Rhines Hall, Room 125
549 Gale Lemerand Drive
Gainesville, FL 32611
Join the Department of Materials Science and Engineering for light refreshments and a discussion lead by Dr. Jason Trelewicz of Stony Brook University.
The unique ability of grain boundaries to act as effective sinks for radiation damage plays a significant role in nanocrystalline materials due to their large interfacial area per unit volume. Leveraging this mechanism in the design of tungsten as a plasma-facing material, which will be subjected to high heat fluxes, elevated temperatures, aggressive particle and neutron fluxes, and high stresses, provides a potential pathway for enhancing its performance under fusion-relevant conditions. In this presentation, microstructure, phase evolution, and stability during self-ion irradiation is explored in nanocrystalline tungsten.
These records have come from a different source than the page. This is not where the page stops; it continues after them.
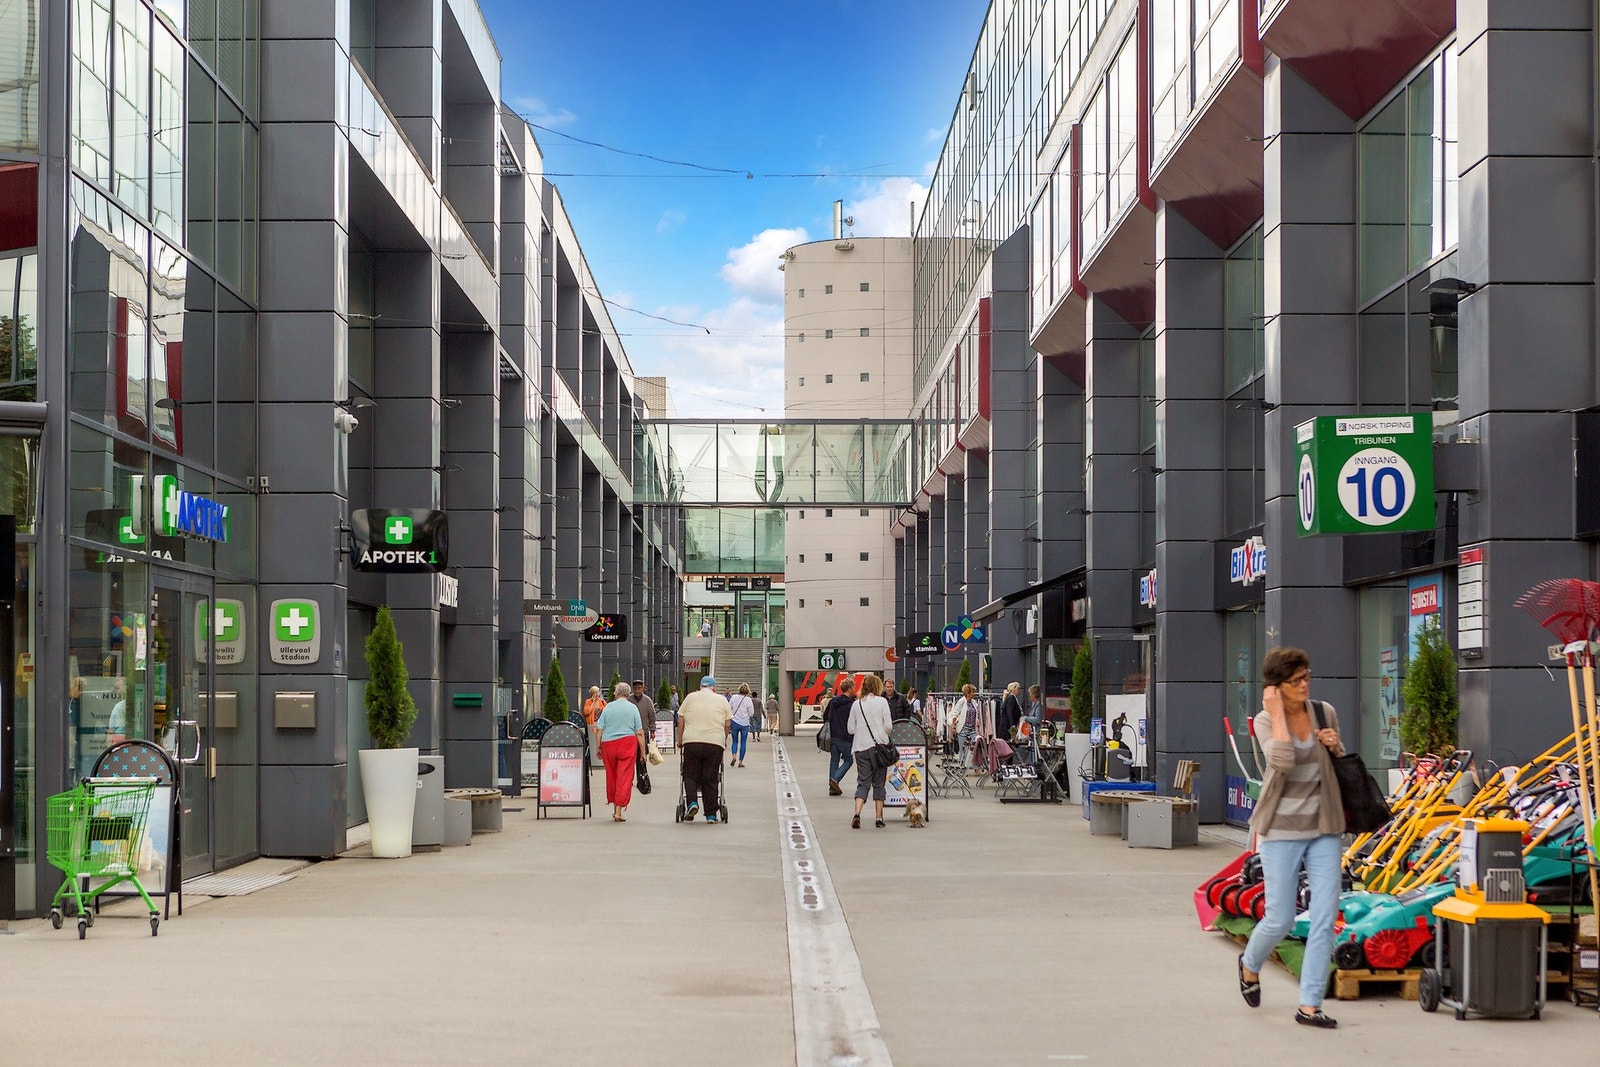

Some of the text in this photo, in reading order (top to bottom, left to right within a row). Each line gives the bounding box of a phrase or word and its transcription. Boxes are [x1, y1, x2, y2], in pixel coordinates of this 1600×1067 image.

[1348, 420, 1411, 430] NORSK TIPPING
[1353, 436, 1396, 445] TRIBUNEN
[1354, 455, 1397, 465] INNGANG
[1300, 471, 1313, 522] 10
[1345, 466, 1406, 518] 10
[945, 630, 958, 643] N
[823, 658, 832, 667] 11
[548, 751, 575, 759] DEALS
Grain growth is shown to transpire through a discontinuous process at intermediate temperatures, which is coupled to an allotropic phase transformation of metastable β-tungsten to stable BCC α-tungsten. The addition of alloying elements stabilizes tungsten against the formation of this metastable phase while simultaneously inhibiting grain growth up to 1000°C. In situ self-ion irradiation also demonstrates that the addition of solute acts to stabilize the grain boundary network against irradiation-induced instabilities with insights into the underlying mechanisms presented from displacement cascade simulations. Nanoindentation results on helium implanted nanocrystalline tungsten will finally be summarized that reveal a new transition in the scaling of mechanical properties with fluence and attributed to the competition of softening due to grain boundary cavity formation with hardening from intragranular defect loop damage.